A universidade, por meio de sua cúpula dirigente, resiste sistematicamente em responder aos movimentos que, por décadas, reivindicam sua democratização interna

Refém de sua própria estrutura antidemocrática, a USP por meio de mecanismos institucionais restringe qualquer possibilidade mais profunda de mudança. Nesse terreno “brotam” as ocupações em 2007, 2011 e 2013, e as greves de 2000, 2002, 2005, 2007, 2008, 2009, 2011 e 2013, manifestações quase “naturais”, diante da incapacidade da estrutura de promover mudanças que correspondam às demandas do corpo universitário

Foram duas décadas de mobilizações para que a USP colocasse a eleição para reito

USP: o verdadeiro problema encontra-se enraizado em sua estrutura de poder. Foto: JF Diorio/Estadão Conteúdo

O pior diagnóstico é aquele em que os sintomas são entendidos como a própria doença. É o equívoco que comete o atual reitor da Universidade de São Paulo (USP), João Grandino Rodas, quando, em entrevista à Folha de S.Paulo1, afirma que a queda da instituição no ranking de avaliação Times Higher Education (THE) está diretamente relacionada a “tomadas violentas de espaço”, referindo-se à recente ocupação da reitoria dessa universidade. Sem entrar na (necessária) discussão do mérito desses indicadores internacionais de classificação, a relação de causalidade proposta por Rodas é, no mínimo, equivocada. Seguindo essa mesma lógica direta, seria possível concluir que as ocupações anteriores da mesma reitoria, em 2007 e 2011, teriam influenciado a subida da USP em 75 posições nesse mesmo ranking em anos anteriores. A inversão do argumento torna evidente o absurdo da correlação sugerida por Rodas. Em certo sentido, tentar opor a “USP líder nos rankings” à “USP palco de protestos” é mais uma tentativa de reduzir a crise da universidade a falsas oposições2. Em outras palavras, é confundir a doença com seu sintoma.

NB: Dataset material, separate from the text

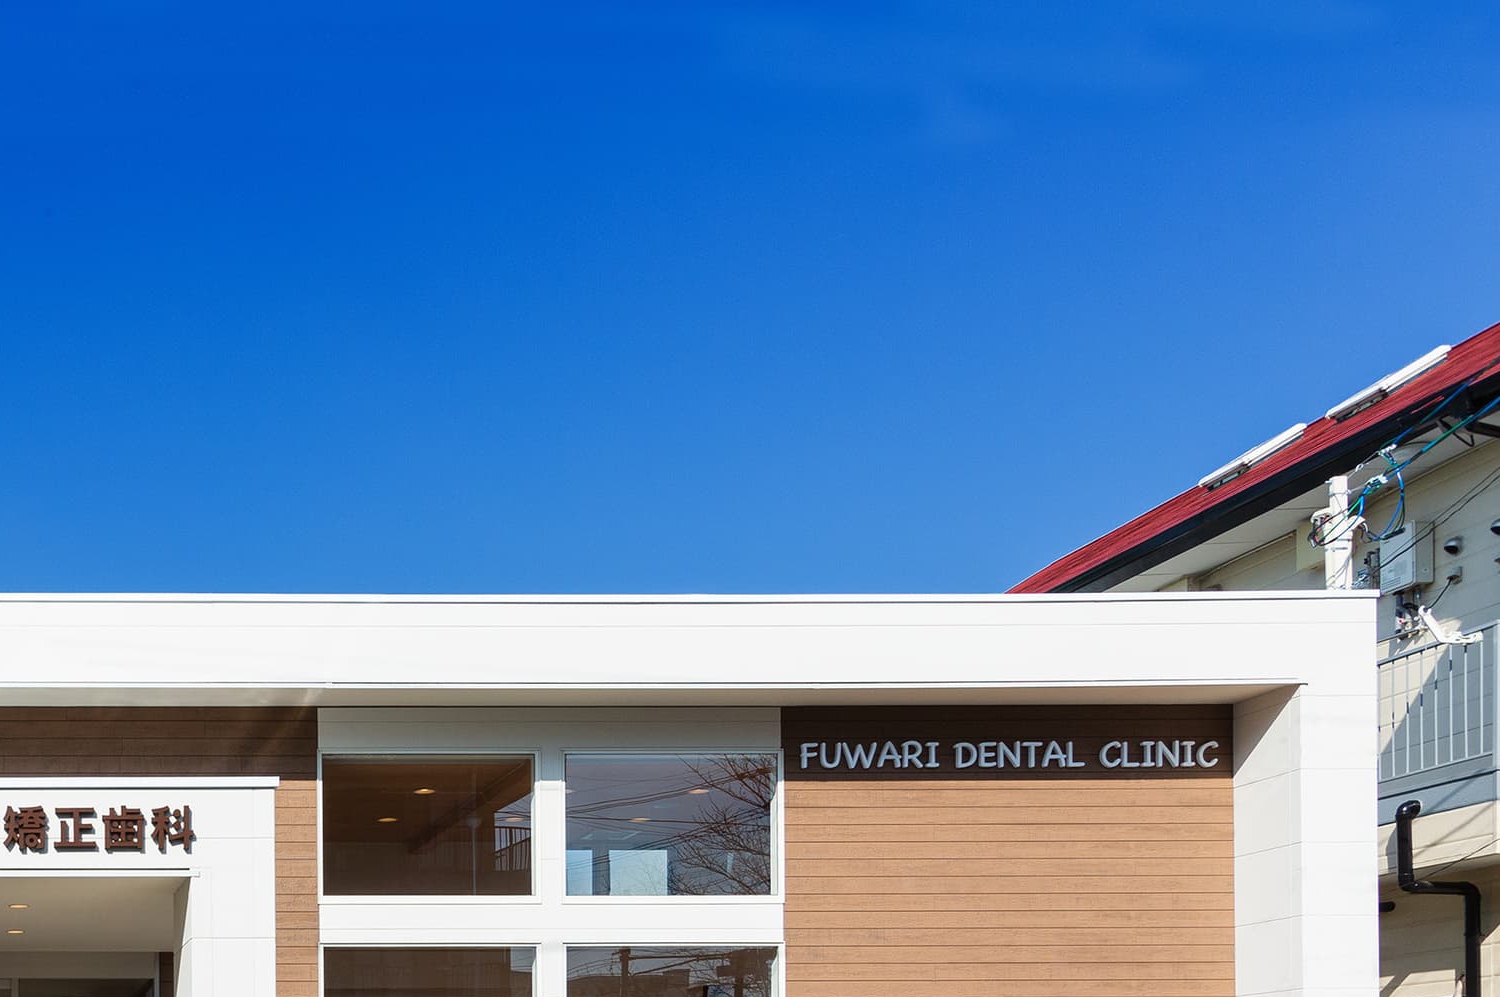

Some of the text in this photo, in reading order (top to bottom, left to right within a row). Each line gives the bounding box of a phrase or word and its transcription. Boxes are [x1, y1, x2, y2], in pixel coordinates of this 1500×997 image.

[800, 740, 1219, 769] FUWARI DENTAL CLINIC

Não é de hoje a resistência da administração central da Universidade de São Paulo em aceitar o sentido profundo dos acontecimentos políticos que vêm se repetindo ao longo de sua história recente. É dessa resistência que se alimenta a recusa sistemática dos dirigentes da USP em aceitar o movimento estudantil como ator político efetivo, o que explica, em parte ao menos, porque as greves e ocupações precisam assumir um caráter progressivamente radical. “Para se fazer ouvir, é preciso gritar.” Esse é um sentimento difundido que, na sua raiz, nega a própria política e ajuda a explicar o mal-estar que impera na USP. Mas, ao contrário do que insiste a reitoria, as explosões do movimento estudantil e seu caráter de enfrentamento cego não se explicam apenas pelos erros e acertos de grupos e indivíduos isolados, e sim pela estrutura de um sistema organizacional que não permite enxergar, além das aparências, o que está na raiz de sua crise.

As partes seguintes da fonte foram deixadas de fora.